Several cable providers have offered over the last few years security systems operated via smartphone or tablet app (and I assume a browser version optimized for a desktop/laptop situation, I don't know). Then shortly thereafter, curious experimenters found holes in the application code, vulnerabilities in the wireless capability as well as the electromechanical controllers addressed by the application and so forth.
Then a year or so later, along comes...
Here's a refrigerator that has cameras inside so you can check current stocks of food (it temporarily turns on the light in there so you can see) from your phone while you're at the grocery store. The door also has a message center, allowing the phones of everybody in the family to send to the screen and leave notes "on the door" about where they are, who needs to be doing what when, etc. I haven't heard about anybody breaking into the embedded processor serving up all these pretty graphics yet - but I haven't had time to find out, since...
Only weeks later, here we have:
This is a new kitchen oven's application that, through your wireless router, has the oven send info to your phone so that you can control the temperature setting and cooking time from anywhere your phone can get a signal. Assuming of course that you're not two floors down in the elevator of an underground parking garage with no repeater antenna in the elevator car.
NOW jump ahead to less than five days ago: I was talking to a security consultant who, I noticed after a minute, had a small bandage on her arm. I asked about the injury - but it was NOT an injury. It was a rejection problem with her implant. An implant for a medical reason? No. It was for holding information that could be scanned... like a business card. She then mentioned the possibilities involving having an implant that could do short-range scans of network activity, or simply be satisfied with passive collection...

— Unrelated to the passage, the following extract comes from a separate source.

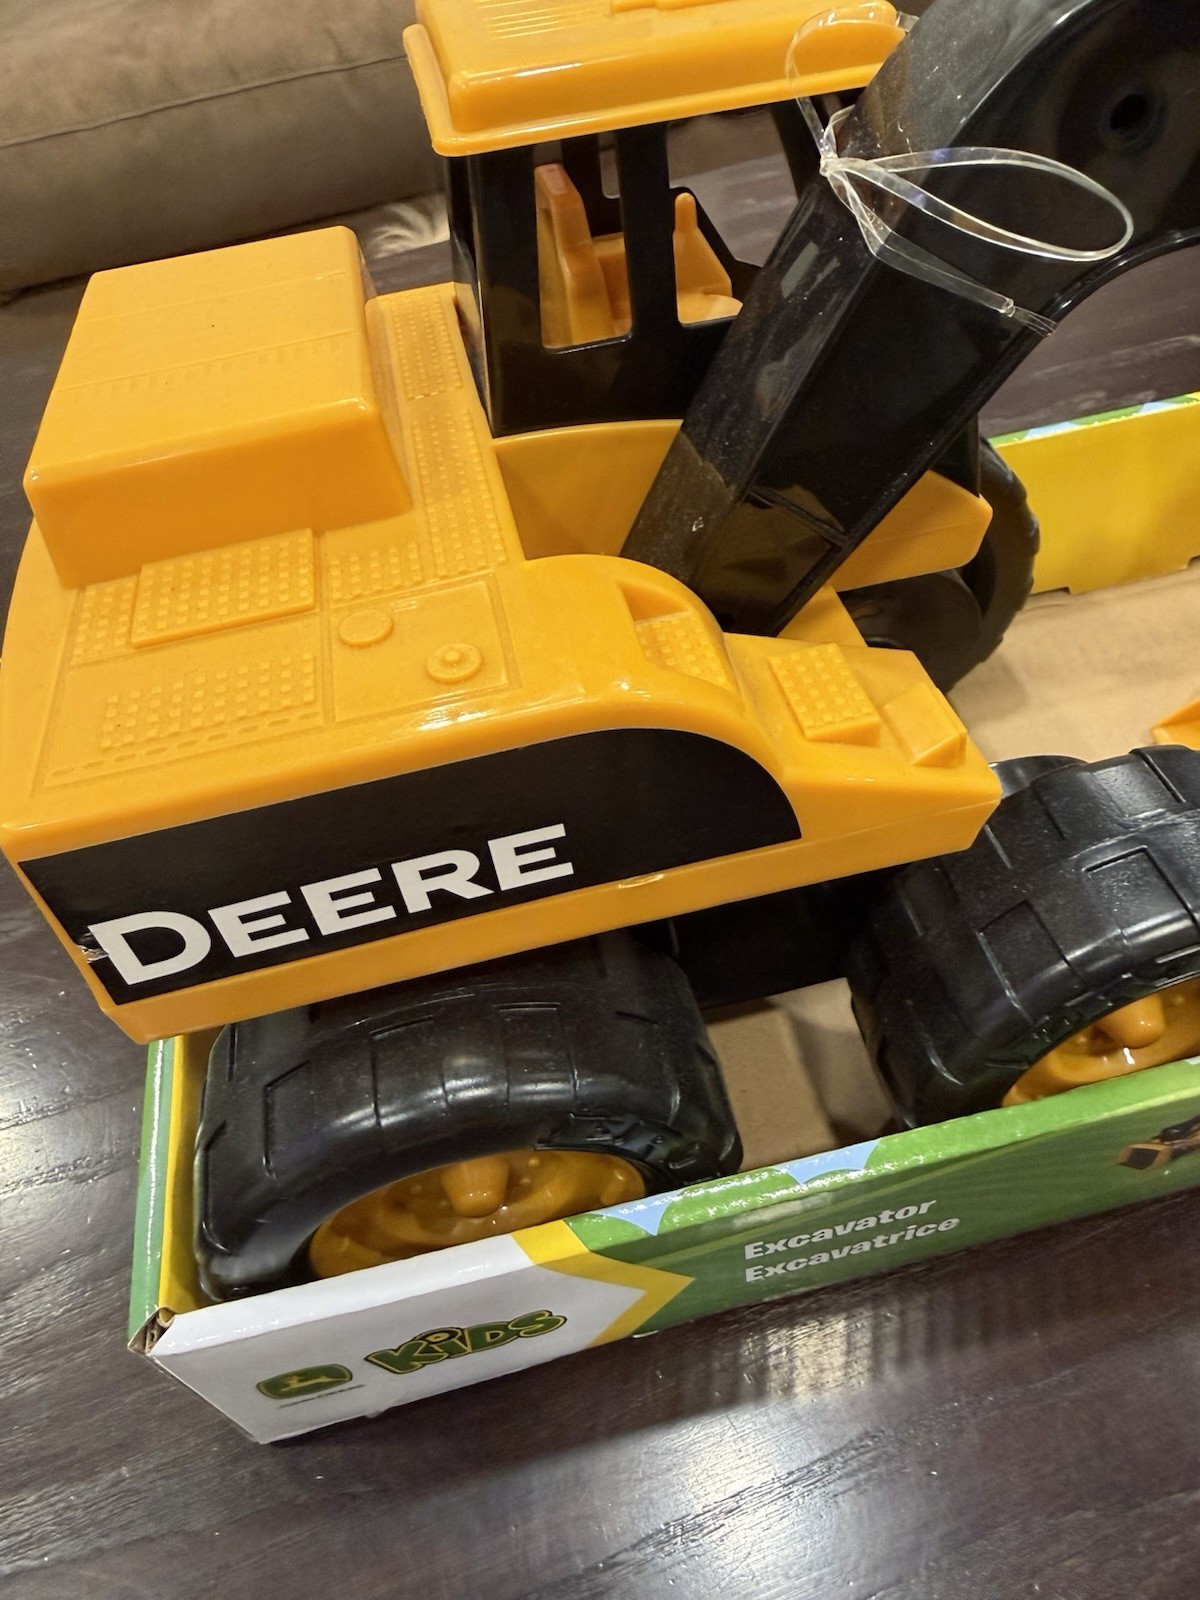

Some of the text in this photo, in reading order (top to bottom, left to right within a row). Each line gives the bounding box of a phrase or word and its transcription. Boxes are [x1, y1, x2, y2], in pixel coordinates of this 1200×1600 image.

I already use a wallet with shielding in it so as to interfere with unwanted (surreptitious) scanning of my credit card information from hidden devices (my buddy got one of his card numbers swiped at a Renaissance Festival this way recently; he did not use a shielded wallet at that time). But I digress.

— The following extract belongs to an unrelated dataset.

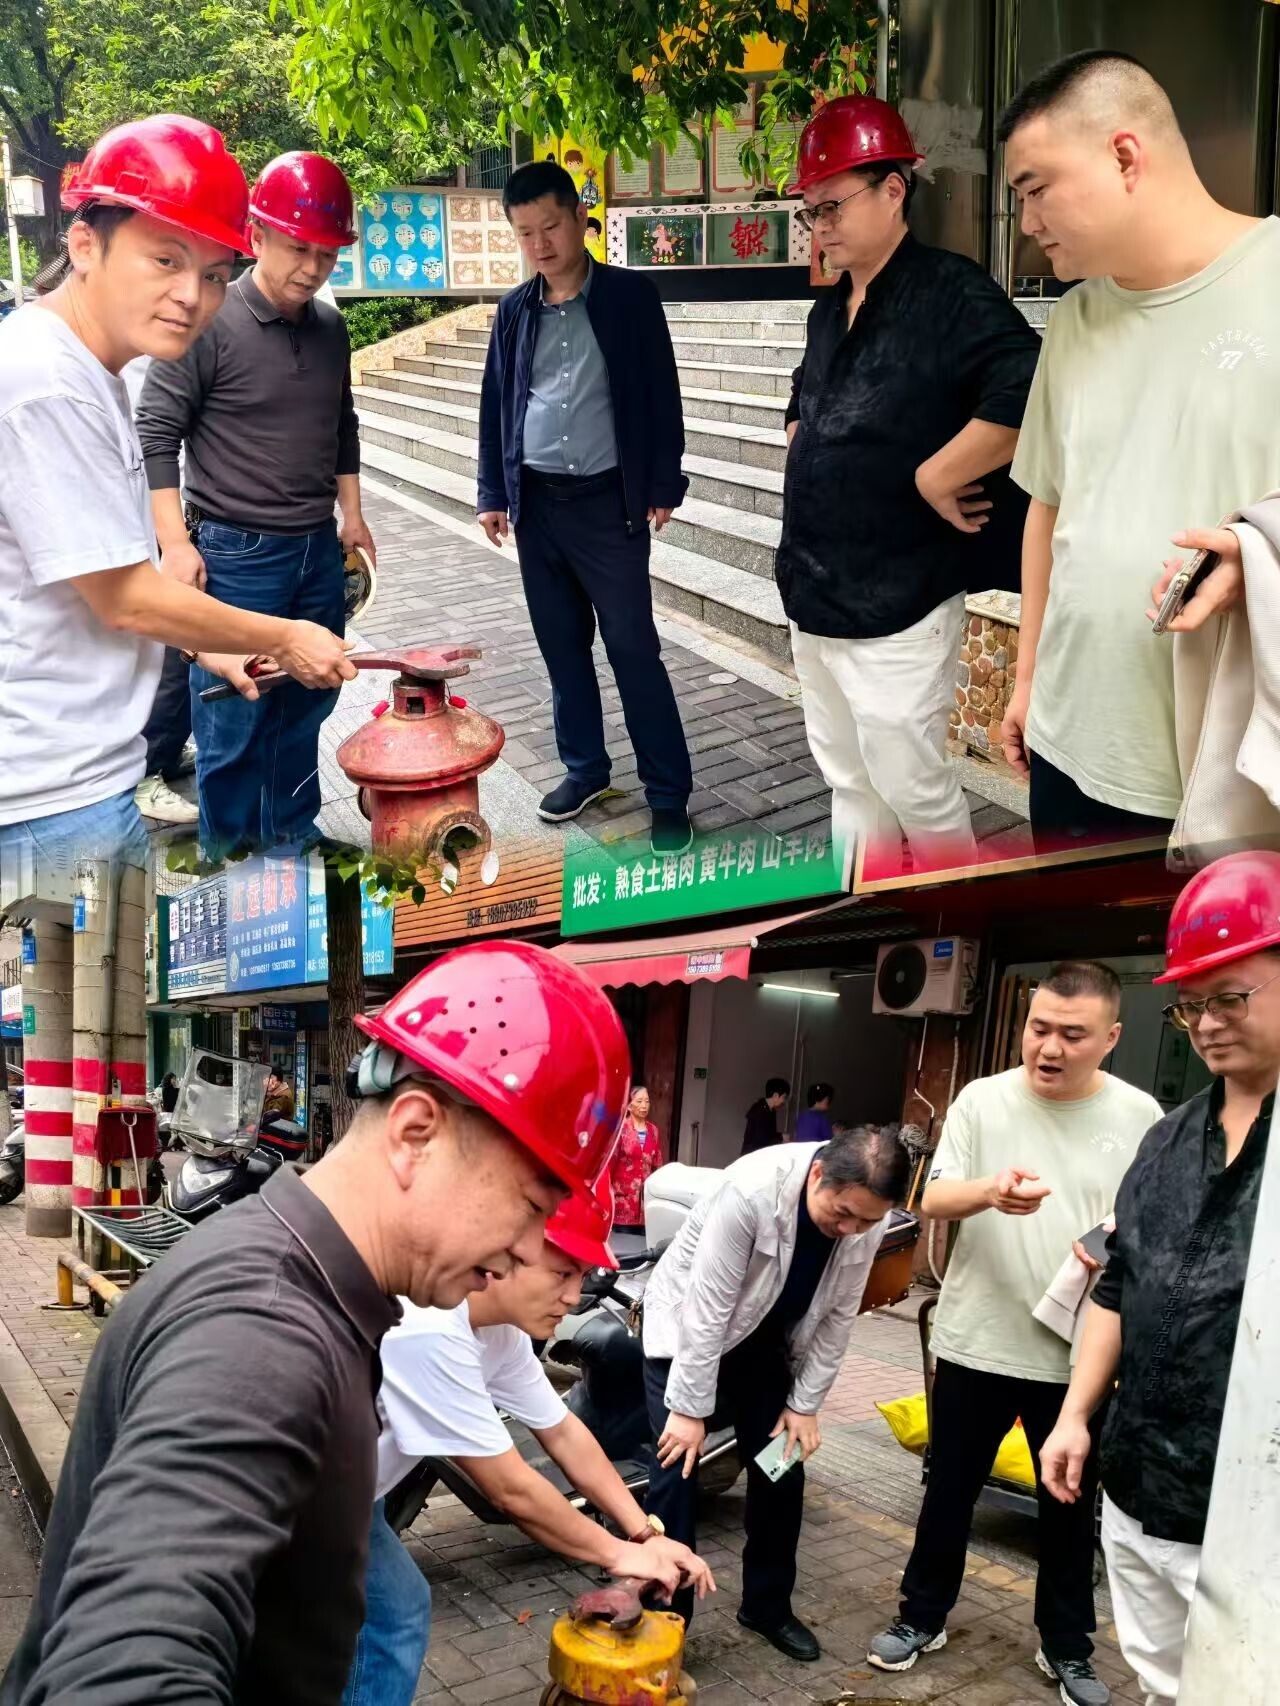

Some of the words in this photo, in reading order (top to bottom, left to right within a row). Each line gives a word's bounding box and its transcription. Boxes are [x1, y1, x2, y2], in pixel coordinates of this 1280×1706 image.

[651, 256, 676, 264] 2026
[699, 838, 757, 884] 黄牛肉
[181, 888, 221, 933] 日丰管

The point of this musing is that the Internet Of Things is, or soon will be, bigger than any human-operated network. And that this 'thing' network is being peopled by embedded, unmanaged or lightly managed printers, appliances, phones, automotive controllers, software and who knows what else - that might have access to flash storage or even a drive somewhere. Storage + network access sounds like a nice spamming or 'bot command-and-control outpost to me. And the growth of this lightly managed ecosystem is fueled by the convenience demands of people who, to put it mildly, are not network security engineers. Nor would their kids be network security engineers, either, to whom they've given droids and iPhones as toys. From this point it looks easy (since with IPv6 everything can have an address) for lots of chaff activity to overwhelm the network maintenance people, whose staffs are minimized for cost control reasons as it is. And chaff activity is now threatening to make Email unusable, in the same way that usenet was killed by spam posts. But this time it's not just a single application or feature that could be killed - but the whole communications system that could be clogged.

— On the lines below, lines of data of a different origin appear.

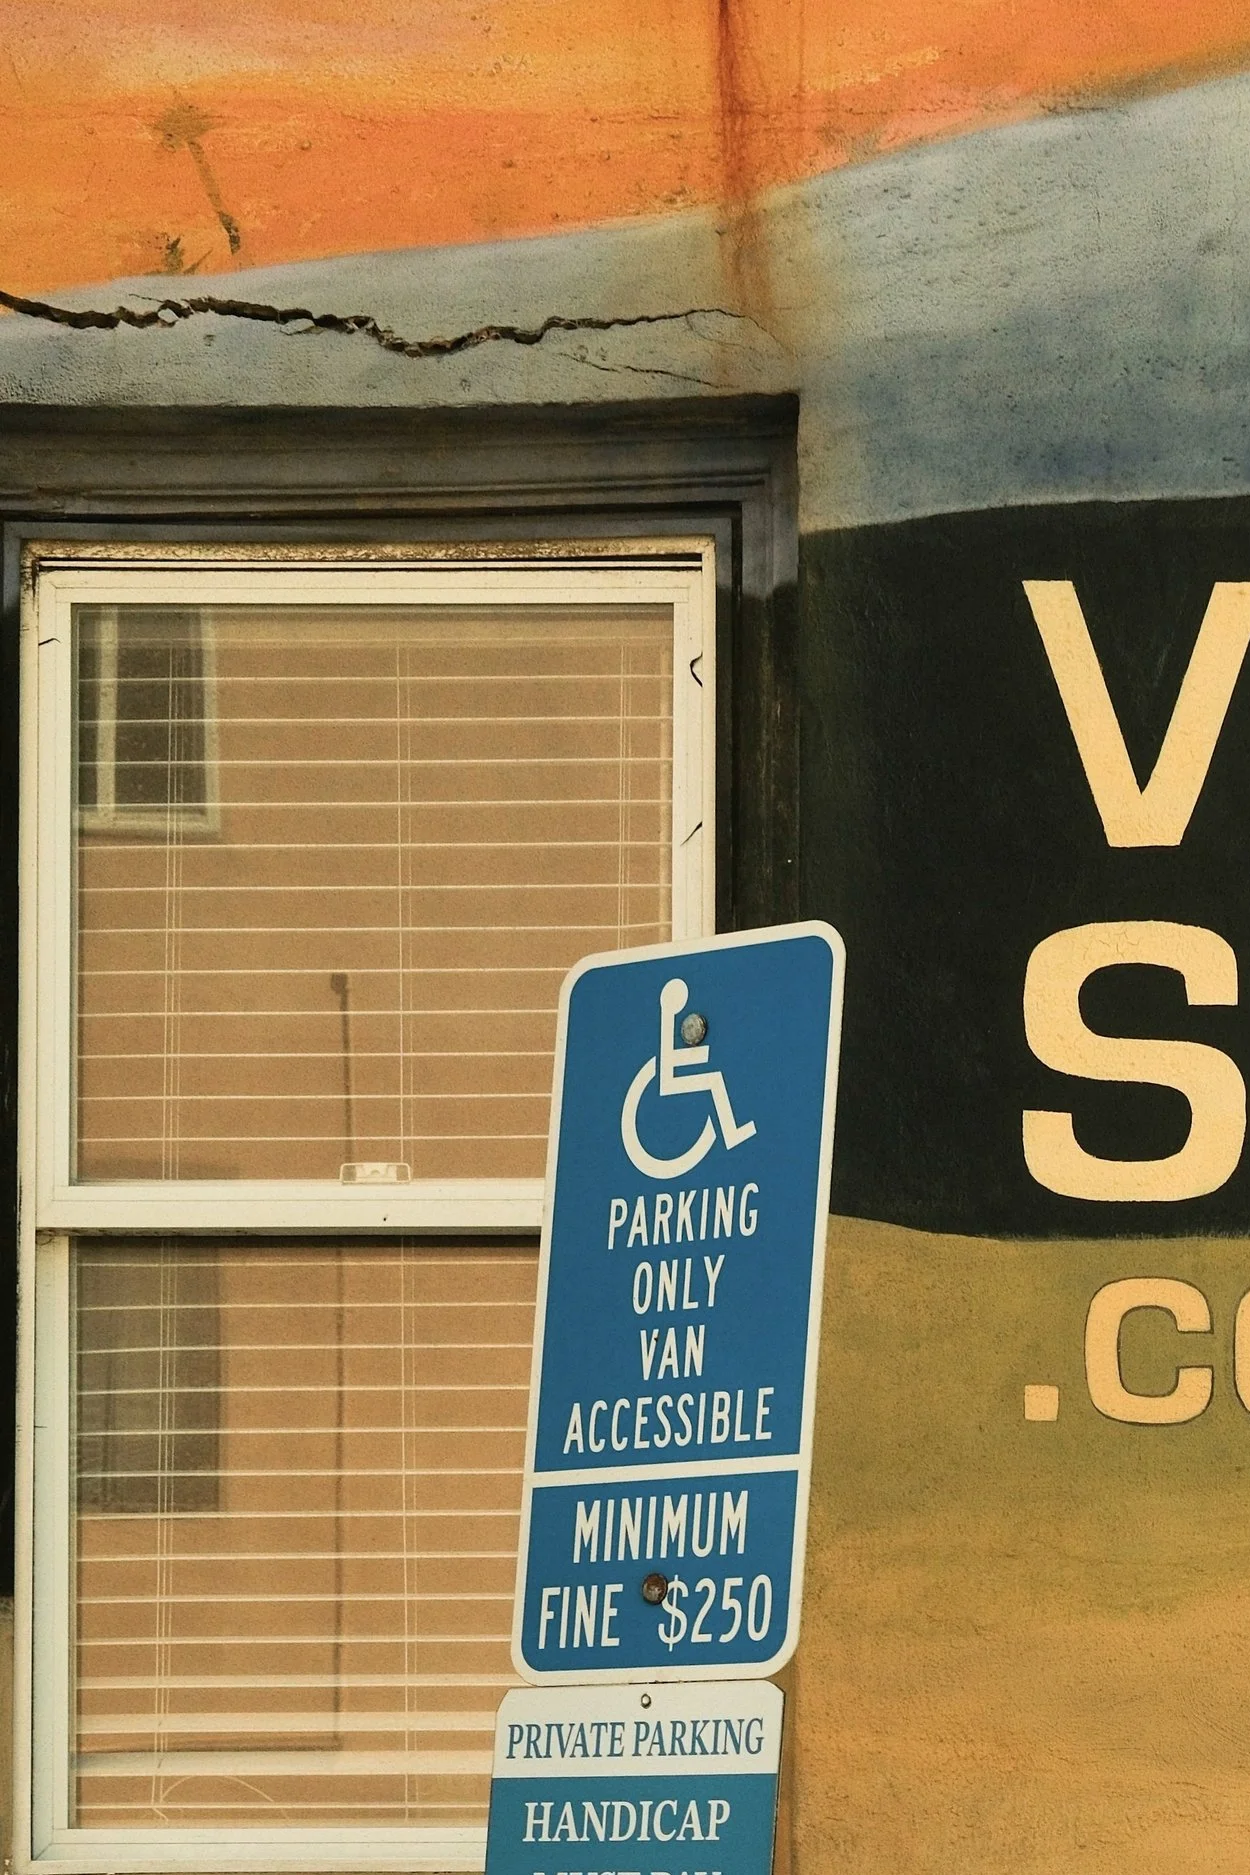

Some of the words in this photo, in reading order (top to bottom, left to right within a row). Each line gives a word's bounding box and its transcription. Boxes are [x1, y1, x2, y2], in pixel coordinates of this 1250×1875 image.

[607, 1182, 760, 1250] PARKING
[632, 1254, 725, 1315] ONLY
[639, 1324, 706, 1381] VAN
[562, 1387, 775, 1455] ACCESSIBLE
[572, 1490, 750, 1564] MINIMUM
[537, 1583, 624, 1650] FINE
[657, 1574, 774, 1652] $250
[505, 1721, 625, 1760] PRIVATE
[631, 1717, 765, 1758] PARKING
[522, 1799, 731, 1843] HANDICAP

As soon as I've come up with a quick, easy and cheap solution to all this, I'll post again. Gimme a few days. [EDIT: well, whaddaya know. I'd considered joking in this article about wearable Faraday cages that we might need soon, but checking my mail, I'd gotten an ad for this yesterday: The Scott eVest clothing line, now with PAN, or Personal Area Network!. It's already effing here.]
Update of the updated update: According to the Information Systems Security Association (in a recent IoT webinar soon to be documented on YouTube), the IoT numbered around 14 million devices two years ago, and by some projections will hit 50 million by 2020. Several issues on the webinar's agenda prompt me to wonder how one would control what information was being exfiltrated through, say, a home router, and whether or not you'd want that in a hyperconnected future world. Putting aside the worry that every amateur network admin would instantly be committing felonies by running afoul of export restrictions when the cheap electric toothbrush or pacemaker phoned home to China, I speculate that control of data flow and connection requests could be automated with some program resembling antivirus with firewall, operating with an agent at the router. Of course, users have been known in periods of difficulty to disable A/V, firewalls and all else (or to elect not to install such applications at the outset), so perhaps a bit more attention is needed here...